Because of the restriction to right ventricular filling, the right atrium, venae cavae, and hepatic veins are dilated. A pitfall in examining calcific pericarditis with MRI is that the calcified pericardium has a signal void (see Figure 9-13).
Congenital Absence of the Pericardium
Location of Defects
Congenital absence of the pericardium may involve all or part of the parietal pericardium. Most defects are partial and involve a defect over the left atrial appendage and adjacent pulmonary artery (Figure 9-17). Defects in the diaphragmatic part of the pericardium and partial defects over the right atrium and superior vena cava are much less common, and total absence is extremely rare (Figure 9-18). About 20% of patients with pericardial defects have associated heart and mediastinal abnormalities, including atrial septal defect, patent ductus arteriosus, tetralogy of Fallot, bronchogenic cysts, and pulmonary sequestration. Patients with partial pericardial defects are at risk for having part of the heart herniate through the defect, which could cause local strangulation of that part of the heart.
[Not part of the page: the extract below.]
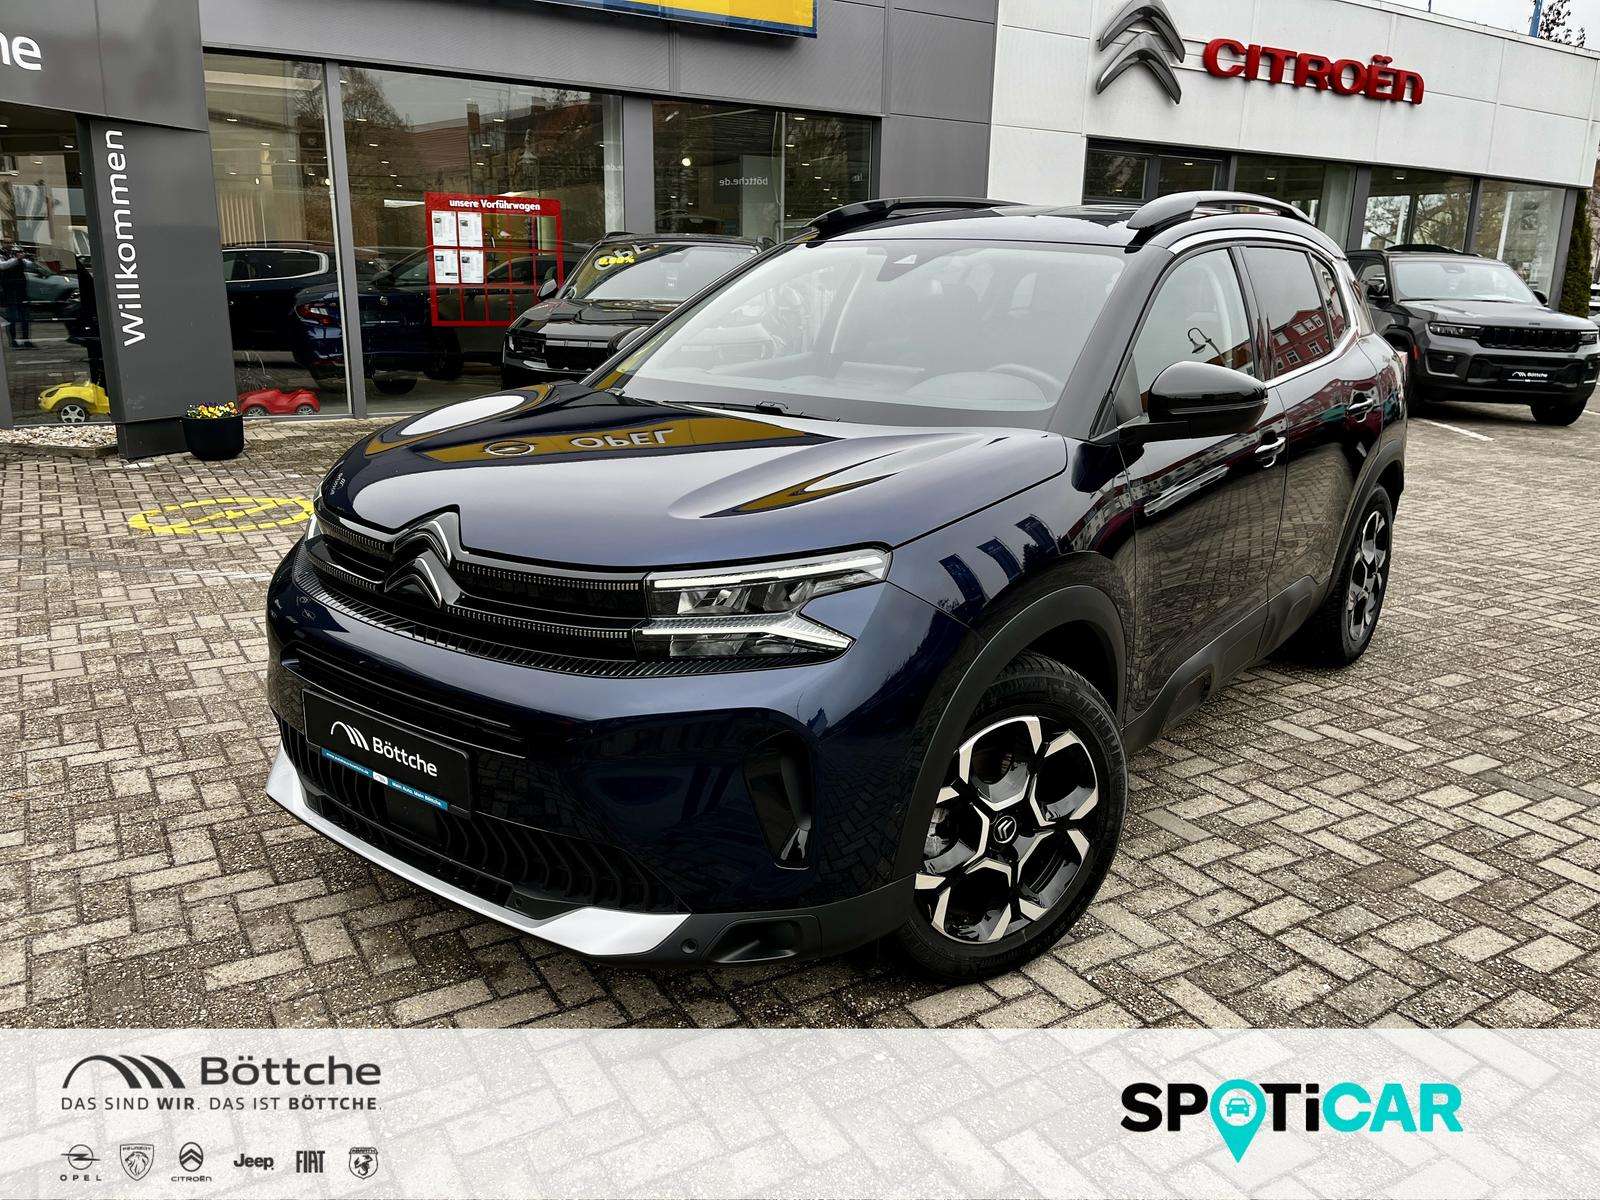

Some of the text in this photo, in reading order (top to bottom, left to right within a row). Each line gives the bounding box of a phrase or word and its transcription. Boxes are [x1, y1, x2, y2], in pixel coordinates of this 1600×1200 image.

[449, 199, 541, 212] unsere Vorführwagen
[105, 129, 146, 347] Willkommen
[372, 736, 438, 777] Böttche
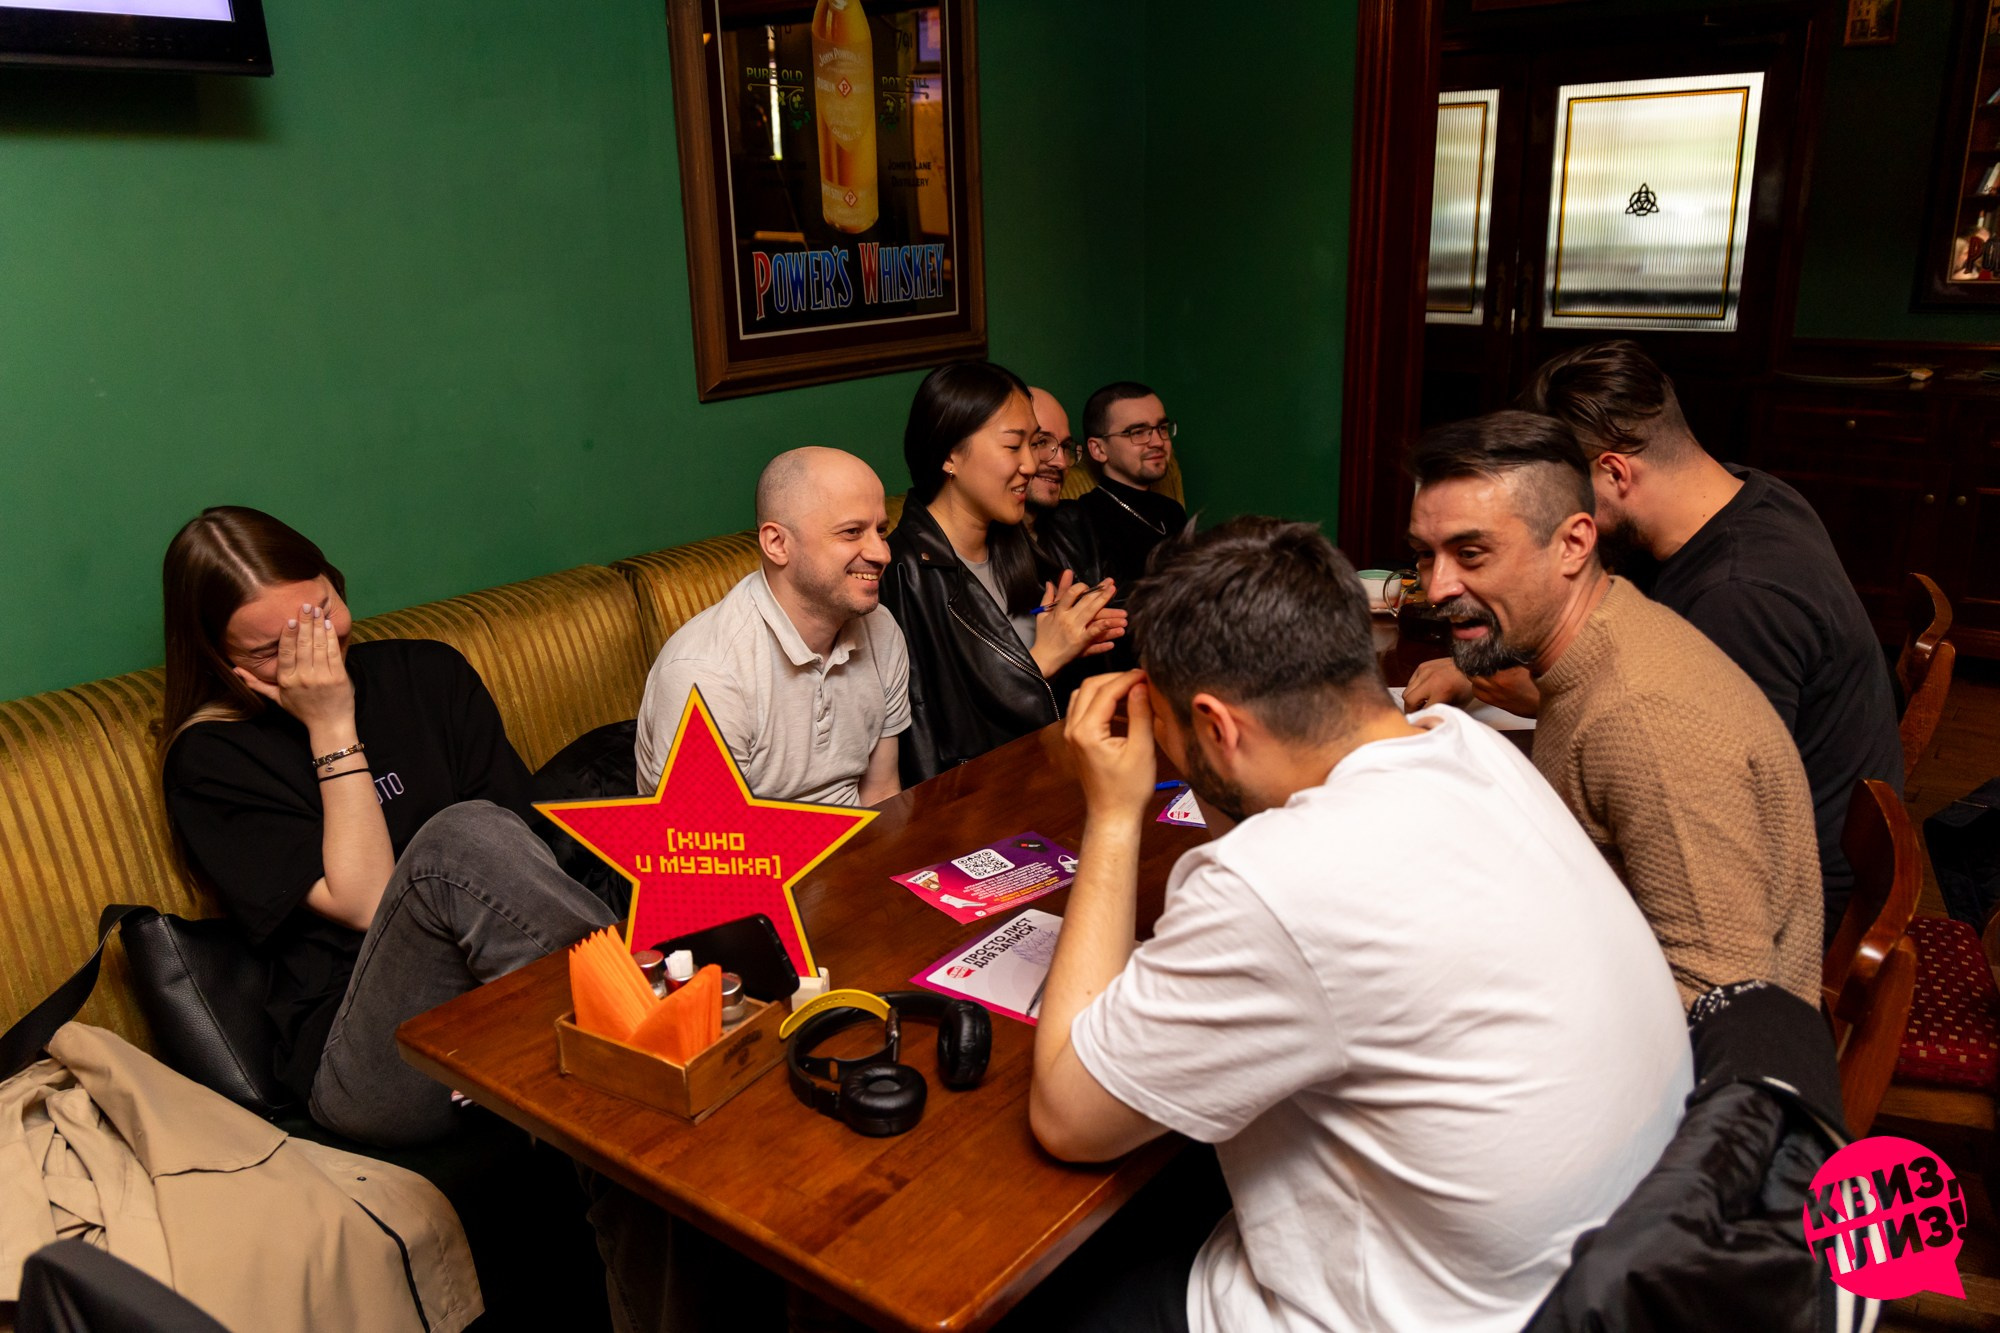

In partial absence over the left side, the left atrial appendage may be strangulated.
Radiologic signs
Most of these defects can be identified on the plain chest film (see Figures 9-17, 9-18). Defects on the left side of the mediastinum rotate the heart in that direction, producing levocardia. The radiologic signs of absent pericardium include:
Pericardial Masses
Focal masses in the pericardium may originate in the heart, in the pericardium, or in adjacent structures. Pericardial metastases are common (Figure 9-19). They are found in half of patients dying from breast or lung carcinoma. Primary pericardial masses are usually cysts or lipomas. Cysts in pericardial teratomas contain all three germ layers, whereas intrapericardial bronchogenic cysts contain two germ layers. Some 70% of cysts occur in the right cardiophrenic angle; the rest occur in the left cardiophrenic angle and in the anterior mediastinum (Figure 9-20).
Not all pericardial masses are tumors. Bronchogenic cysts develop in the neonate and are quite rare. Herniation of abdominal contents into the pericardium can occur through a partial absence of the diaphragm. Purulent pericarditis can progress to a pericardial abscess (see Figure 9-7).